* Work task *
Transcribe every record exactly as it appears.
- - -
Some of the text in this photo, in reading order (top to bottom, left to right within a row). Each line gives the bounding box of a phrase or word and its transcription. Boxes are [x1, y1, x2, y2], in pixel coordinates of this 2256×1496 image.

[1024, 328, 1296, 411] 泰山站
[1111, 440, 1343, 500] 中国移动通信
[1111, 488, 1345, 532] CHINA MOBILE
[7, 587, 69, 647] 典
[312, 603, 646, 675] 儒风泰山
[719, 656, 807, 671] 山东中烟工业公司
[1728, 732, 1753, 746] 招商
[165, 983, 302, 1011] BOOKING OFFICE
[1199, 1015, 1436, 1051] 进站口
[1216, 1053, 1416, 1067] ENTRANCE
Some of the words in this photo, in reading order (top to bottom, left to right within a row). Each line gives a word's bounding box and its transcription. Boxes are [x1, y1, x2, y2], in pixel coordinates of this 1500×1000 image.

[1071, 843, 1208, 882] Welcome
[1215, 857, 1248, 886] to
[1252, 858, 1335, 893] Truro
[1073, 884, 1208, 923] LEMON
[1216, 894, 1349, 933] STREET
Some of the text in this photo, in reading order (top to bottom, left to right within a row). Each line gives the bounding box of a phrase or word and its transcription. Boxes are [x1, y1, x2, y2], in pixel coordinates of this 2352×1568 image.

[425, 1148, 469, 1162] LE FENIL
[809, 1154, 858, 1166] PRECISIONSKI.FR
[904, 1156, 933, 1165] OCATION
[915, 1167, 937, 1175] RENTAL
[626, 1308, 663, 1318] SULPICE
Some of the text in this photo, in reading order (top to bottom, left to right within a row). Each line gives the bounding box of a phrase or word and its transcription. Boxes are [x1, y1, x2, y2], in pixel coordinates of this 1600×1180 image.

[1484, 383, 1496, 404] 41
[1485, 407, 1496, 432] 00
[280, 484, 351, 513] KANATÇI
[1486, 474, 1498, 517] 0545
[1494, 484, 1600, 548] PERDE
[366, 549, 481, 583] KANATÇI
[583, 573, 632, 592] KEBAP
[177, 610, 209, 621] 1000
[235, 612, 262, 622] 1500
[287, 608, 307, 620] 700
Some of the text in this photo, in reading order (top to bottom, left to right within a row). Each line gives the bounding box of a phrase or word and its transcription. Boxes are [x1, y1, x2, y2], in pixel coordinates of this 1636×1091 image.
- - -
* Answer to this problem *
Some of the text in this photo, in reading order (top to bottom, left to right within a row). Each line gives the bounding box of a phrase or word and its transcription. Boxes are [x1, y1, x2, y2], in pixel coordinates of this 2256×1496 image.

[1024, 328, 1296, 411] 泰山站
[1111, 440, 1343, 500] 中国移动通信
[1111, 488, 1345, 532] CHINA MOBILE
[7, 587, 69, 647] 典
[312, 603, 646, 675] 儒风泰山
[719, 656, 807, 671] 山东中烟工业公司
[1728, 732, 1753, 746] 招商
[165, 983, 302, 1011] BOOKING OFFICE
[1199, 1015, 1436, 1051] 进站口
[1216, 1053, 1416, 1067] ENTRANCE
Some of the words in this photo, in reading order (top to bottom, left to right within a row). Each line gives a word's bounding box and its transcription. Boxes are [x1, y1, x2, y2], in pixel coordinates of this 1500×1000 image.

[1071, 843, 1208, 882] Welcome
[1215, 857, 1248, 886] to
[1252, 858, 1335, 893] Truro
[1073, 884, 1208, 923] LEMON
[1216, 894, 1349, 933] STREET
Some of the text in this photo, in reading order (top to bottom, left to right within a row). Each line gives the bounding box of a phrase or word and its transcription. Boxes are [x1, y1, x2, y2], in pixel coordinates of this 2352×1568 image.

[425, 1148, 469, 1162] LE FENIL
[809, 1154, 858, 1166] PRECISIONSKI.FR
[904, 1156, 933, 1165] OCATION
[915, 1167, 937, 1175] RENTAL
[626, 1308, 663, 1318] SULPICE
Some of the text in this photo, in reading order (top to bottom, left to right within a row). Each line gives the bounding box of a phrase or word and its transcription. Boxes are [x1, y1, x2, y2], in pixel coordinates of this 1600×1180 image.

[1484, 383, 1496, 404] 41
[1485, 407, 1496, 432] 00
[280, 484, 351, 513] KANATÇI
[1486, 474, 1498, 517] 0545
[1494, 484, 1600, 548] PERDE
[366, 549, 481, 583] KANATÇI
[583, 573, 632, 592] KEBAP
[177, 610, 209, 621] 1000
[235, 612, 262, 622] 1500
[287, 608, 307, 620] 700
Some of the text in this photo, in reading order (top to bottom, left to right within a row). Each line gives the bounding box of a phrase or word and its transcription. Boxes are [x1, y1, x2, y2], in pixel coordinates of this 1636×1091 image.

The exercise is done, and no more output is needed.